### Your task:
Without the pictures, give every record again exactly.

### Available data:
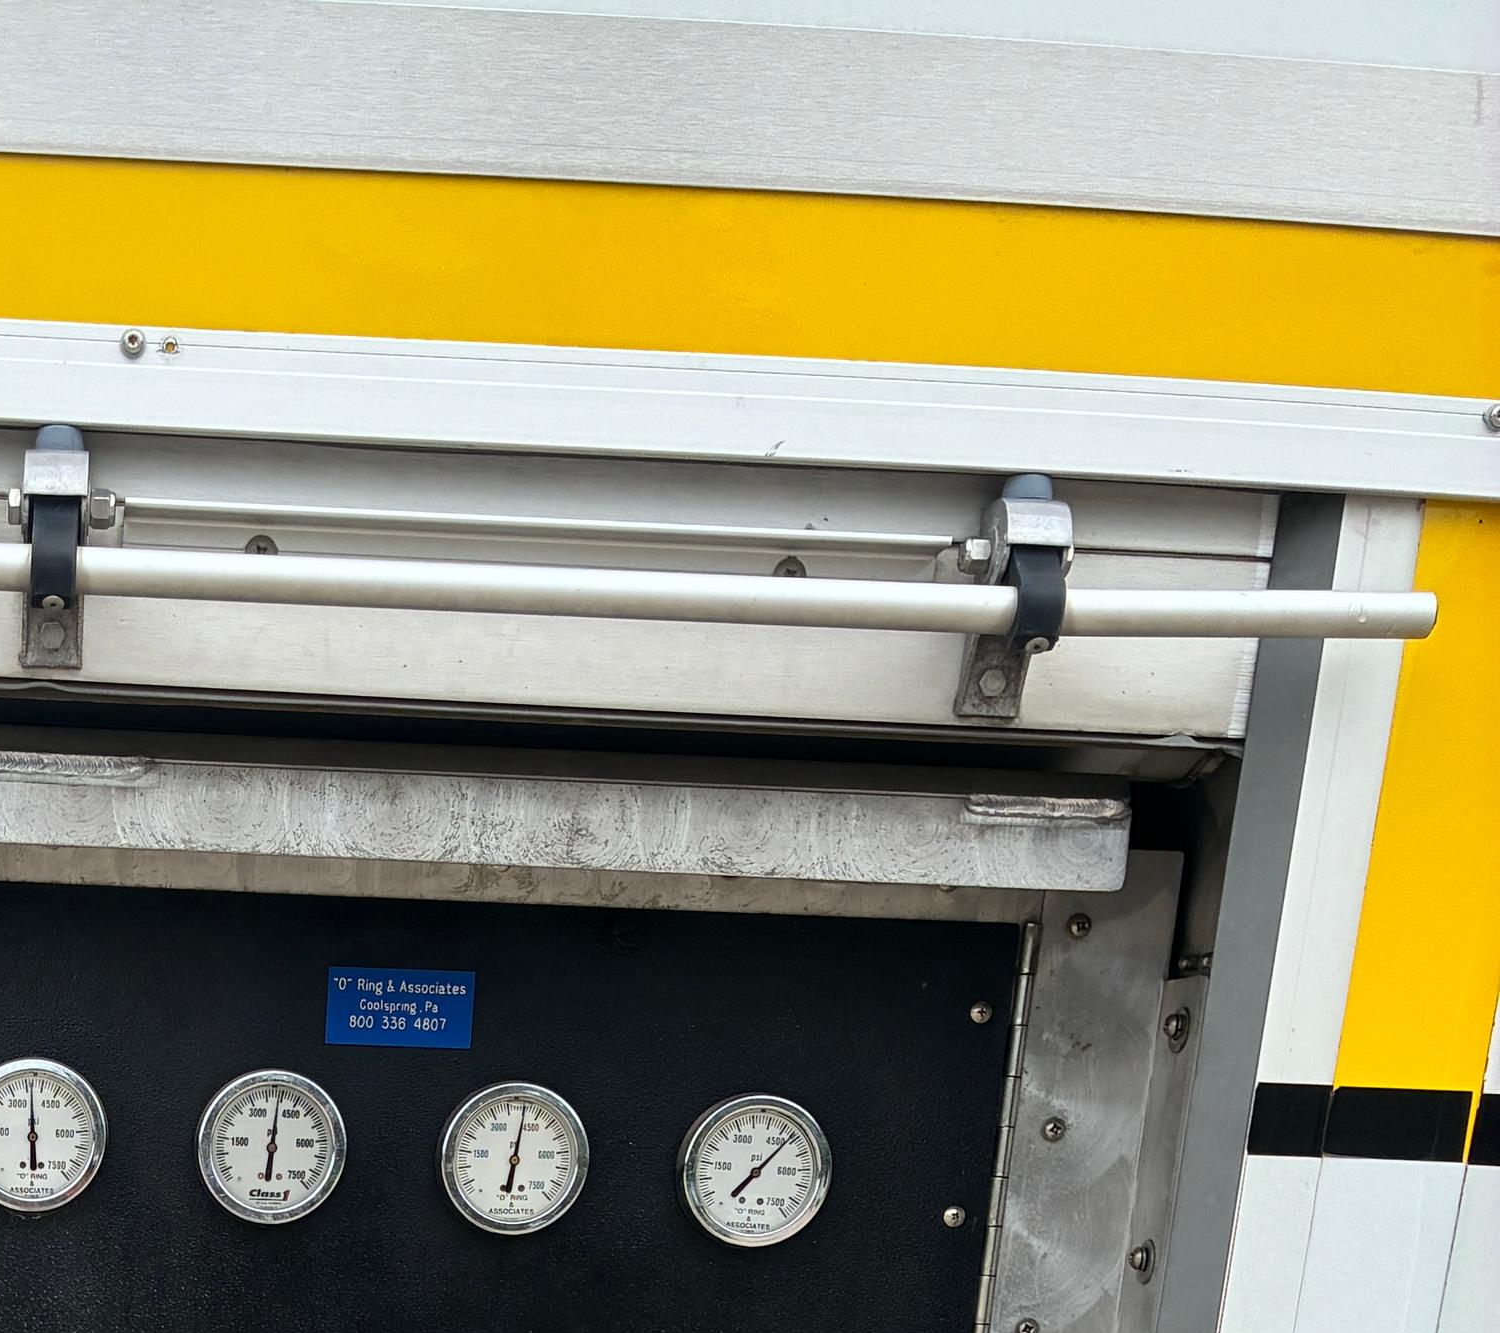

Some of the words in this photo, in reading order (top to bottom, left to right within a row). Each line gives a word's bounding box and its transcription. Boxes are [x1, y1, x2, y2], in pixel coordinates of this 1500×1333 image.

[357, 978, 383, 996] Ring
[387, 979, 396, 993] &
[399, 980, 467, 995] Associates
[425, 1001, 438, 1014] Pa
[349, 1015, 374, 1029] 800
[414, 1017, 447, 1031] 4807
[8, 1099, 27, 1108] 3000
[41, 1099, 60, 1109] 4500
[248, 1108, 267, 1118] 3000
[282, 1109, 300, 1119] 4500
[490, 1122, 507, 1132] 3000
[523, 1122, 540, 1132] 4500
[55, 1129, 74, 1138] 6000
[231, 1136, 248, 1147] 1500
[295, 1138, 314, 1148] 6000
[733, 1134, 752, 1144] 3000
[766, 1136, 786, 1146] 4500
[473, 1149, 489, 1159] 1500
[538, 1150, 555, 1160] 6000
[750, 1153, 763, 1162] psi
[47, 1160, 67, 1170] 7500
[714, 1161, 732, 1171] 1500
[287, 1170, 306, 1180] 7500
[777, 1166, 797, 1176] 6000
[528, 1180, 545, 1190] 7500
[766, 1197, 785, 1207] 7500
[488, 1208, 535, 1216] ASSOCIATES
[748, 1208, 766, 1216] RING
[726, 1222, 771, 1230] ASSOCIATES
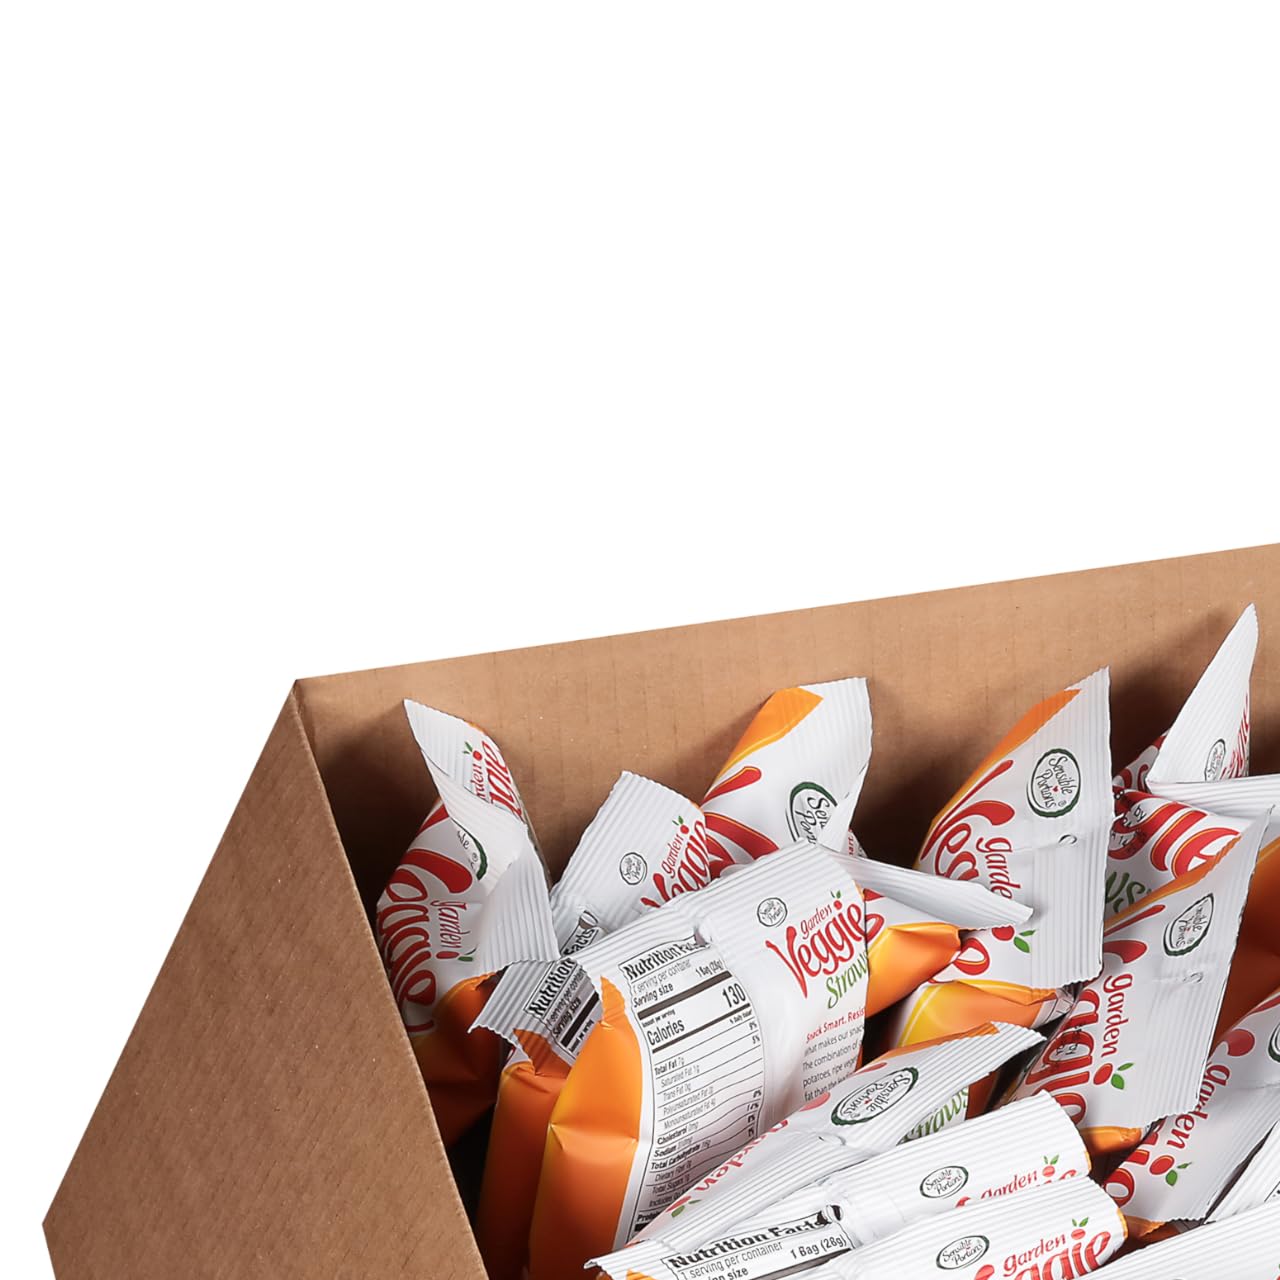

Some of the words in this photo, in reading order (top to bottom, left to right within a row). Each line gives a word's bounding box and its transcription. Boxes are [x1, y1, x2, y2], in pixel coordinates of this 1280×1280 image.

[1034, 768, 1058, 809] Portions
[1049, 754, 1077, 795] Sensible
[661, 833, 684, 878] garden
[975, 836, 1021, 900] garde
[800, 904, 832, 940] garden
[623, 944, 684, 980] Nutrition
[765, 903, 866, 999] Veggie
[722, 982, 746, 1008] 130
[826, 950, 867, 1009] Straw
[647, 1019, 686, 1046] Calories
[1101, 973, 1134, 1058] garden
[668, 1230, 768, 1269] Nutrition
[689, 1260, 725, 1278] serving
[724, 1256, 741, 1271] per
[742, 1241, 784, 1262] container
[799, 1244, 819, 1258] Bag
[820, 1234, 847, 1253] (28g)
[941, 1238, 973, 1262] Sensible
[950, 1243, 985, 1267] Portions
[1002, 1234, 1067, 1278] garden
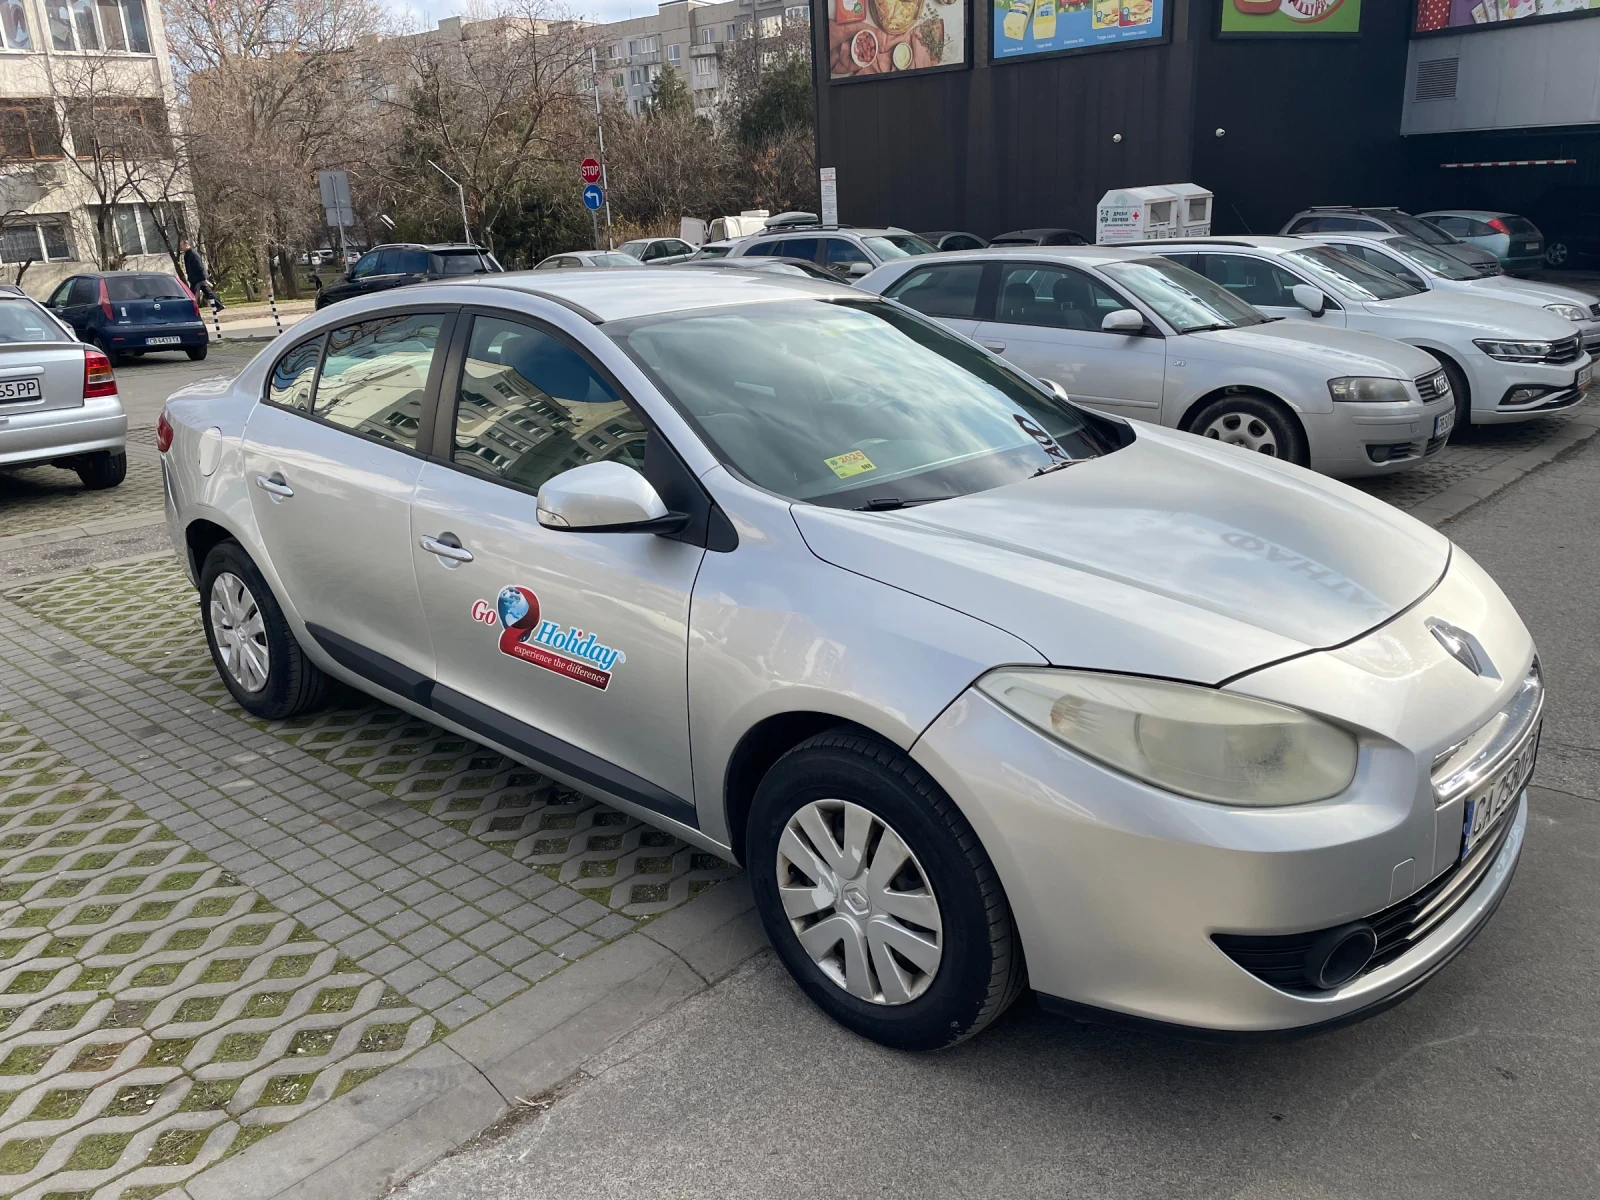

### Task solution:
Some of the words in this photo, in reading order (top to bottom, left to right within a row). Each line gives a word's bounding box and its transcription. Boxes are [x1, y1, x2, y2], in pixel coordinates of this 1500×1333 image.

[357, 978, 383, 996] Ring
[387, 979, 396, 993] &
[399, 980, 467, 995] Associates
[425, 1001, 438, 1014] Pa
[349, 1015, 374, 1029] 800
[414, 1017, 447, 1031] 4807
[8, 1099, 27, 1108] 3000
[41, 1099, 60, 1109] 4500
[248, 1108, 267, 1118] 3000
[282, 1109, 300, 1119] 4500
[490, 1122, 507, 1132] 3000
[523, 1122, 540, 1132] 4500
[55, 1129, 74, 1138] 6000
[231, 1136, 248, 1147] 1500
[295, 1138, 314, 1148] 6000
[733, 1134, 752, 1144] 3000
[766, 1136, 786, 1146] 4500
[473, 1149, 489, 1159] 1500
[538, 1150, 555, 1160] 6000
[750, 1153, 763, 1162] psi
[47, 1160, 67, 1170] 7500
[714, 1161, 732, 1171] 1500
[287, 1170, 306, 1180] 7500
[777, 1166, 797, 1176] 6000
[528, 1180, 545, 1190] 7500
[766, 1197, 785, 1207] 7500
[488, 1208, 535, 1216] ASSOCIATES
[748, 1208, 766, 1216] RING
[726, 1222, 771, 1230] ASSOCIATES

Some of the words in this photo, in reading order (top to bottom, left to right within a row). Each line gives a word's bounding box and its transcription. Boxes are [x1, y1, x2, y2], in pixel coordinates of this 1280×1280 image.

[1034, 768, 1058, 809] Portions
[1049, 754, 1077, 795] Sensible
[661, 833, 684, 878] garden
[975, 836, 1021, 900] garde
[800, 904, 832, 940] garden
[623, 944, 684, 980] Nutrition
[765, 903, 866, 999] Veggie
[722, 982, 746, 1008] 130
[826, 950, 867, 1009] Straw
[647, 1019, 686, 1046] Calories
[1101, 973, 1134, 1058] garden
[668, 1230, 768, 1269] Nutrition
[689, 1260, 725, 1278] serving
[724, 1256, 741, 1271] per
[742, 1241, 784, 1262] container
[799, 1244, 819, 1258] Bag
[820, 1234, 847, 1253] (28g)
[941, 1238, 973, 1262] Sensible
[950, 1243, 985, 1267] Portions
[1002, 1234, 1067, 1278] garden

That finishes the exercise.